> **Directions for this task**:
Without including any pictures, reproduce all the lines below word for word.

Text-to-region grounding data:
☆ ☆ ☆ ☆

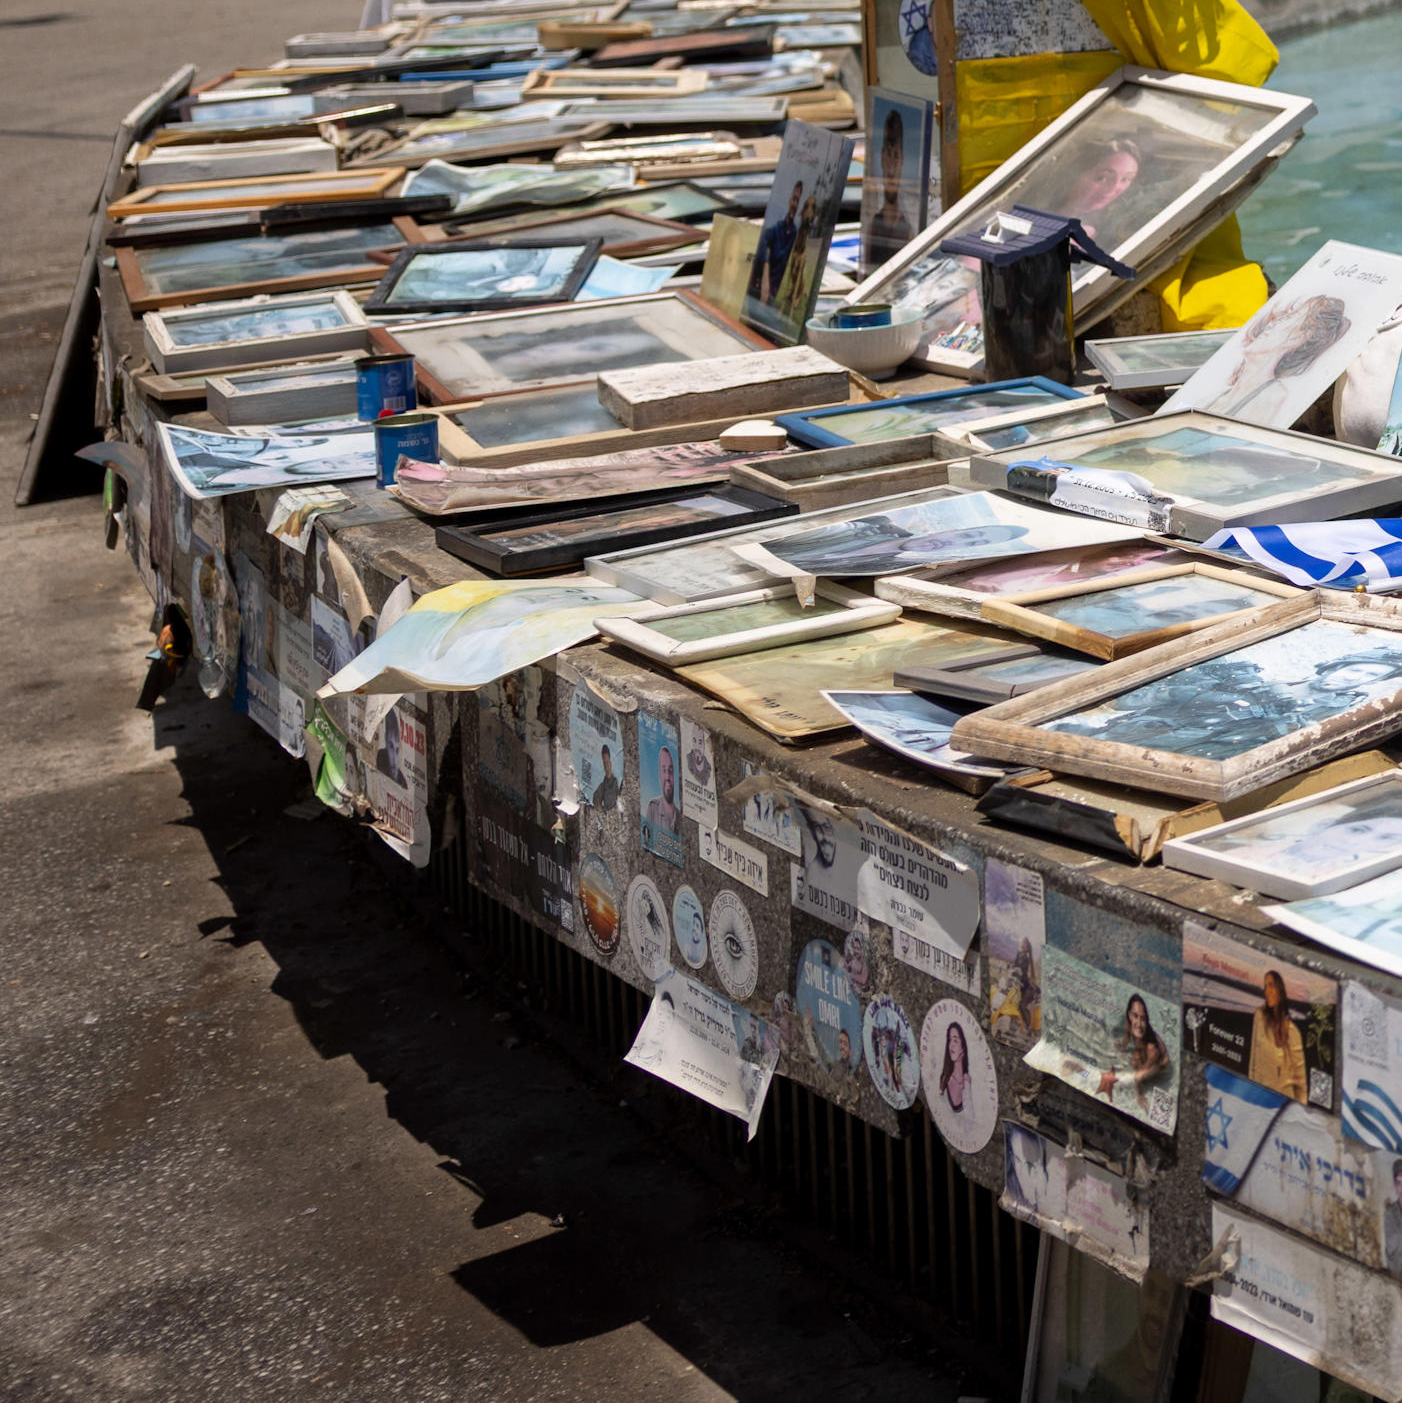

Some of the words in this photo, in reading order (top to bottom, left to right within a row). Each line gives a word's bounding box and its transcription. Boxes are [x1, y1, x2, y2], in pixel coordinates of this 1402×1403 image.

[860, 838, 877, 858] הזה
[880, 844, 906, 869] בעולם
[907, 857, 949, 889] מהדהדים
[907, 878, 930, 901] לנצח
[803, 961, 830, 995] SMILE
[831, 974, 852, 1006] LIKE
[818, 999, 841, 1030] OMRI
[1208, 1023, 1234, 1040] Forever
[1235, 1036, 1245, 1046] 22
[1274, 1136, 1312, 1174] איתי
[1316, 1156, 1367, 1199] בדרכי

☆ ☆ ☆ ☆

> **Completed exercise**:
Some of the words in this photo, in reading order (top to bottom, left to right within a row). Each line gives a word's bounding box and its transcription. Boxes are [x1, y1, x2, y2], in pixel coordinates of this 1402×1403 image.

[860, 838, 877, 858] הזה
[880, 844, 906, 869] בעולם
[907, 857, 949, 889] מהדהדים
[907, 878, 930, 901] לנצח
[803, 961, 830, 995] SMILE
[831, 974, 852, 1006] LIKE
[818, 999, 841, 1030] OMRI
[1208, 1023, 1234, 1040] Forever
[1235, 1036, 1245, 1046] 22
[1274, 1136, 1312, 1174] איתי
[1316, 1156, 1367, 1199] בדרכי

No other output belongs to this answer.